• [What is needed]: The full listing, returned exactly and free of pictures, is the expected answer.

• [Supplied material]:
☆ ☆ ☆ ☆ ☆ ☆ ☆
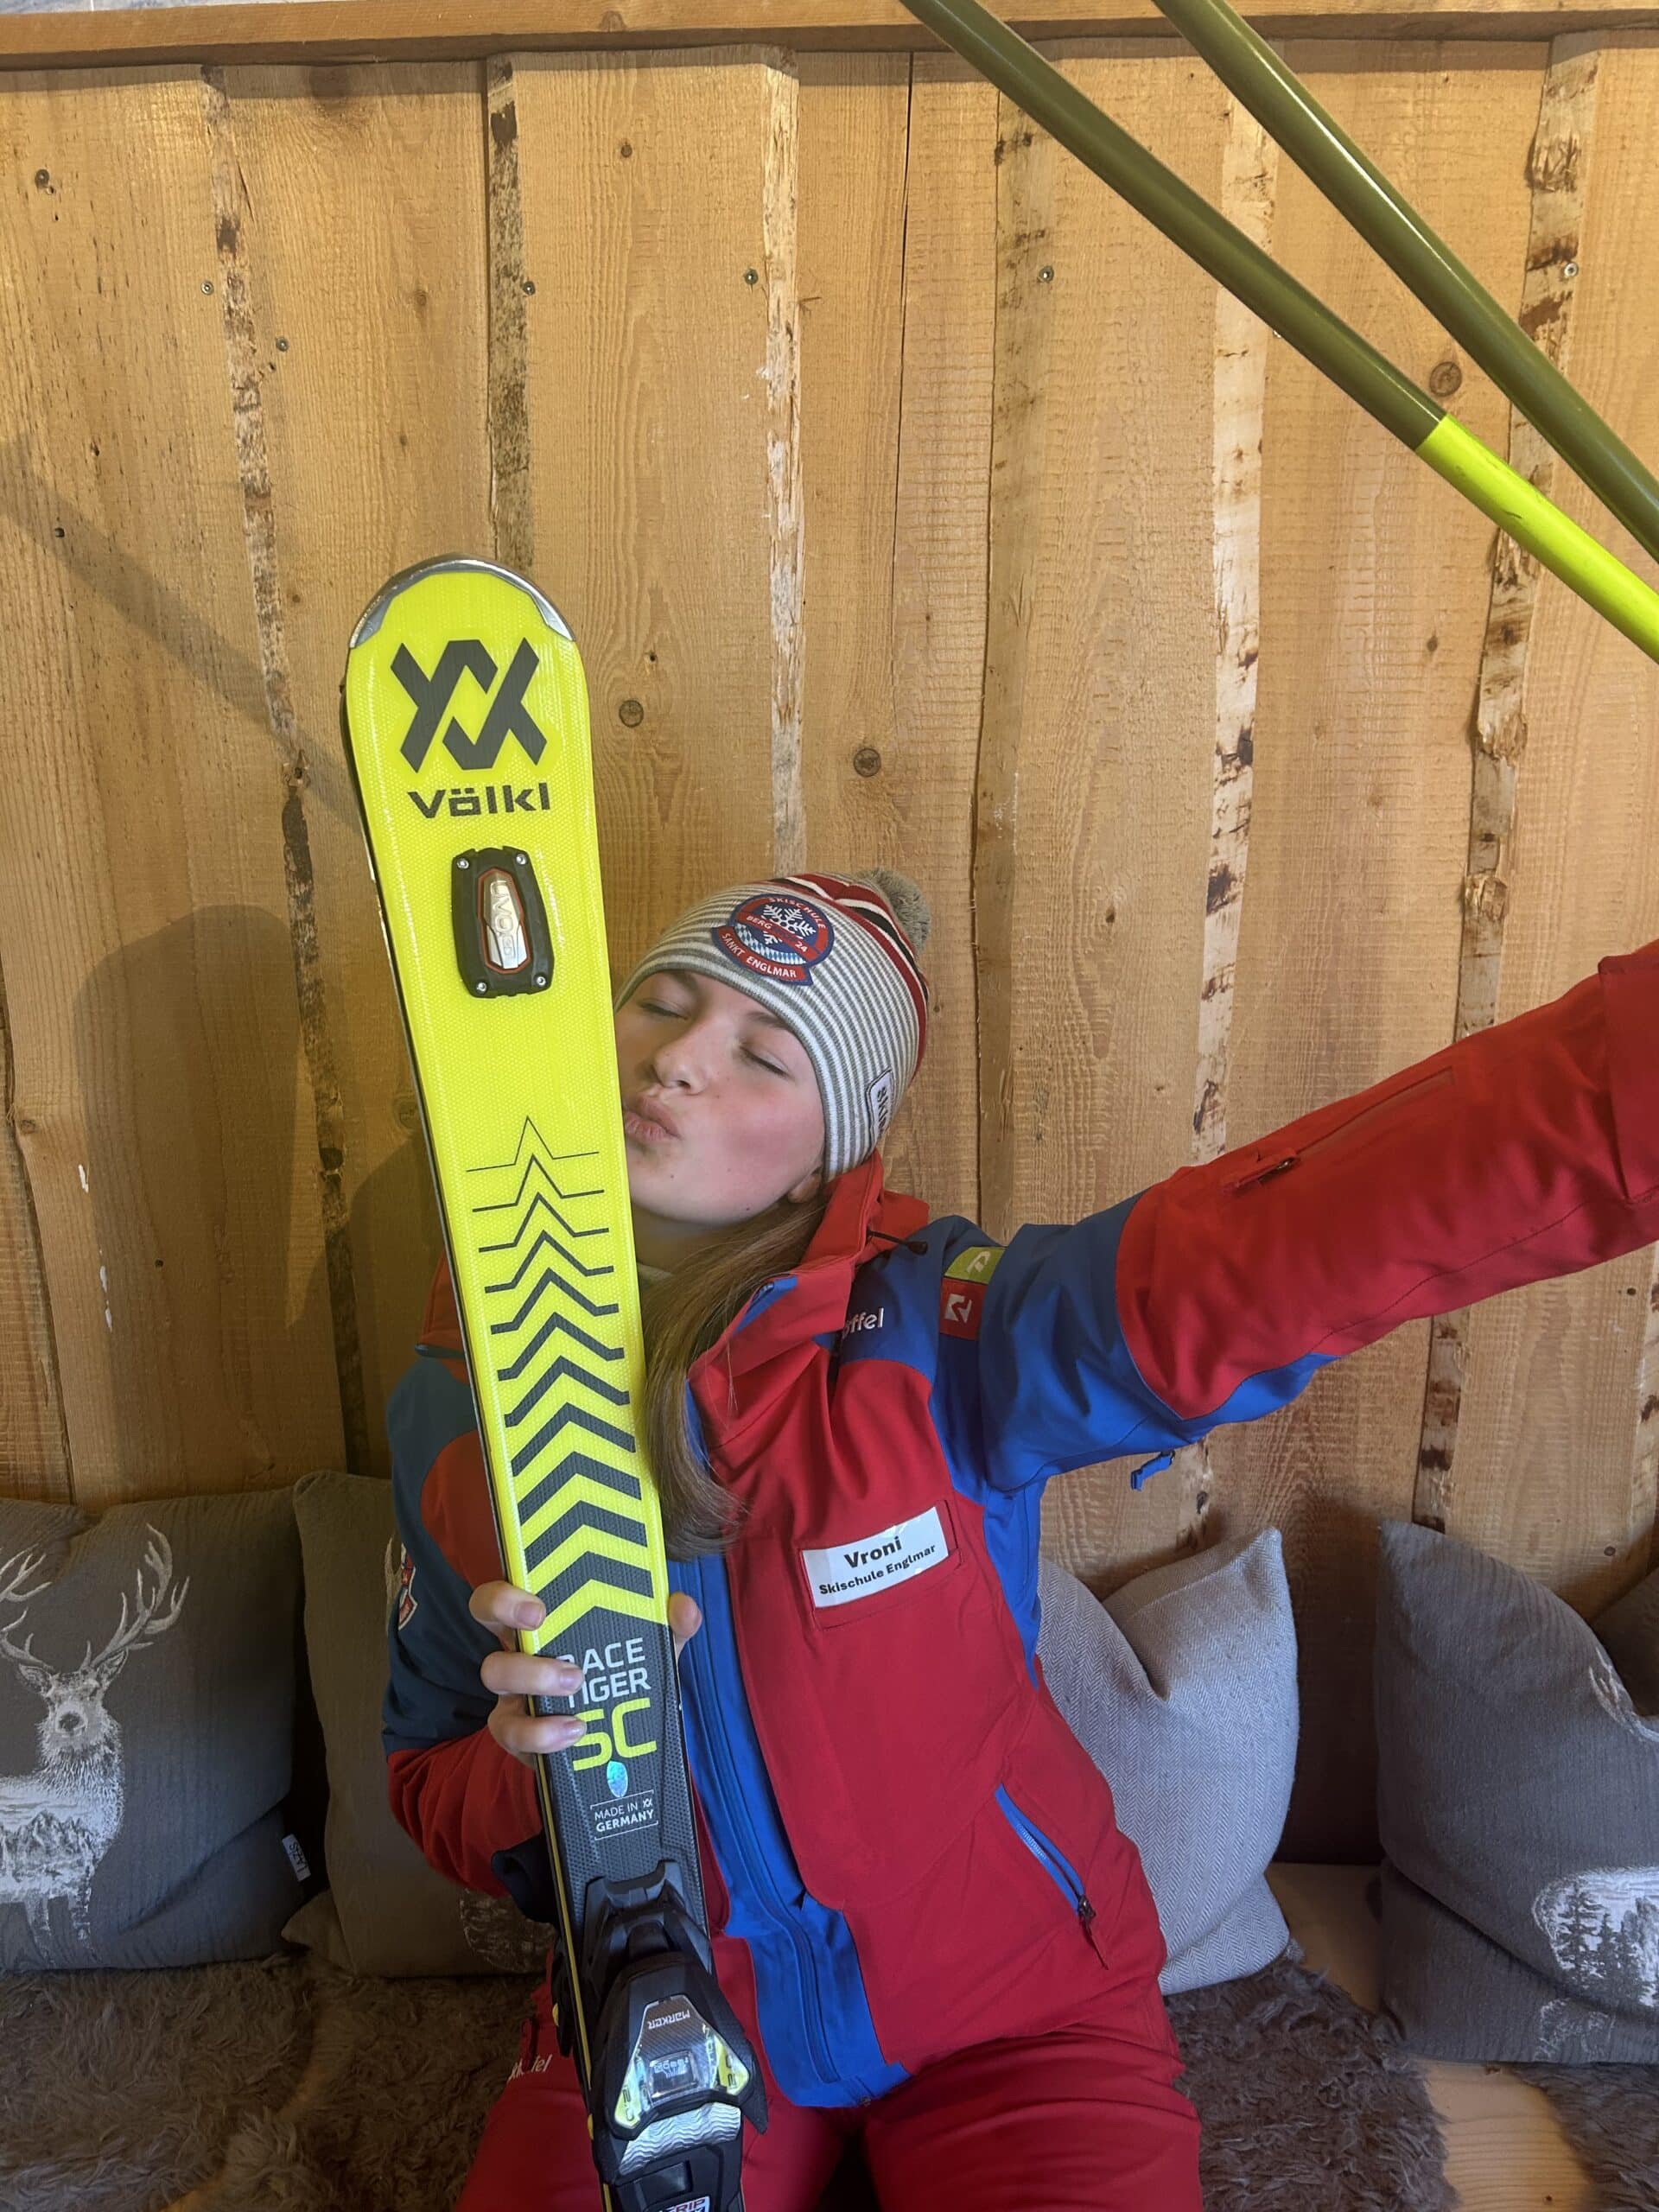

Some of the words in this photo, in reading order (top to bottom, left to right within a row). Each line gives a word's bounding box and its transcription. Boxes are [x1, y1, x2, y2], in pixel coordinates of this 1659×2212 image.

[408, 783, 550, 818] Völkl
[768, 897, 827, 929] SKISCHULE
[746, 915, 773, 930] BERG
[795, 942, 808, 952] 24
[721, 932, 746, 957] SANKT
[746, 955, 797, 978] ENGLMAR
[843, 1535, 902, 1569] Vroni
[819, 1569, 884, 1595] Skischule
[886, 1545, 936, 1575] Englmar
[573, 1697, 657, 1771] SC
[594, 1804, 625, 1821] MADE
[627, 1802, 638, 1813] IN
[596, 1809, 654, 1832] GERMANY
[647, 2010, 690, 2030] MARKER
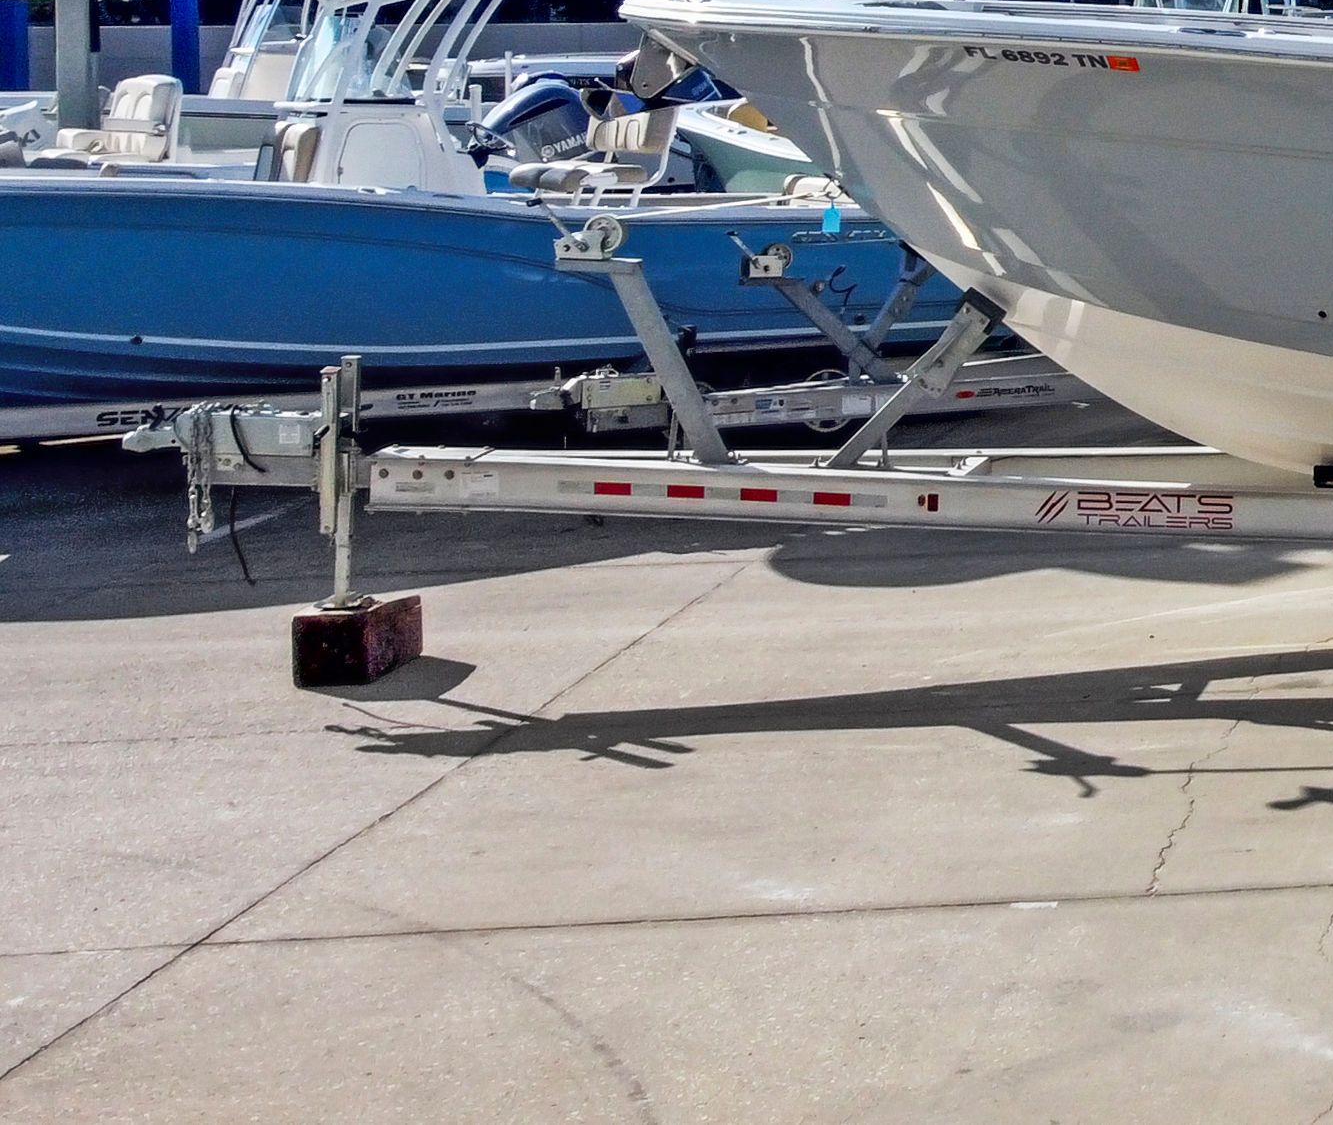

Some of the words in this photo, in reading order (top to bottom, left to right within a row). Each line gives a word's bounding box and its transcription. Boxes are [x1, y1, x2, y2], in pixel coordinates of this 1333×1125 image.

[963, 45, 998, 60] FL
[1001, 49, 1069, 67] 6892
[1072, 54, 1109, 69] TN
[420, 390, 476, 400] Marine
[1078, 491, 1234, 514] BEATS
[1078, 513, 1233, 530] TRAILERS
☆ ☆ ☆ ☆ ☆ ☆ ☆
• [Final answer]:
Some of the words in this photo, in reading order (top to bottom, left to right within a row). Each line gives a word's bounding box and its transcription. Boxes are [x1, y1, x2, y2], in pixel coordinates of this 1659×2212 image.

[408, 783, 550, 818] Völkl
[768, 897, 827, 929] SKISCHULE
[746, 915, 773, 930] BERG
[795, 942, 808, 952] 24
[721, 932, 746, 957] SANKT
[746, 955, 797, 978] ENGLMAR
[843, 1535, 902, 1569] Vroni
[819, 1569, 884, 1595] Skischule
[886, 1545, 936, 1575] Englmar
[573, 1697, 657, 1771] SC
[594, 1804, 625, 1821] MADE
[627, 1802, 638, 1813] IN
[596, 1809, 654, 1832] GERMANY
[647, 2010, 690, 2030] MARKER

Some of the words in this photo, in reading order (top to bottom, left to right within a row). Each line gives a word's bounding box and its transcription. Boxes are [x1, y1, x2, y2], in pixel coordinates of this 1333×1125 image.

[963, 45, 998, 60] FL
[1001, 49, 1069, 67] 6892
[1072, 54, 1109, 69] TN
[420, 390, 476, 400] Marine
[1078, 491, 1234, 514] BEATS
[1078, 513, 1233, 530] TRAILERS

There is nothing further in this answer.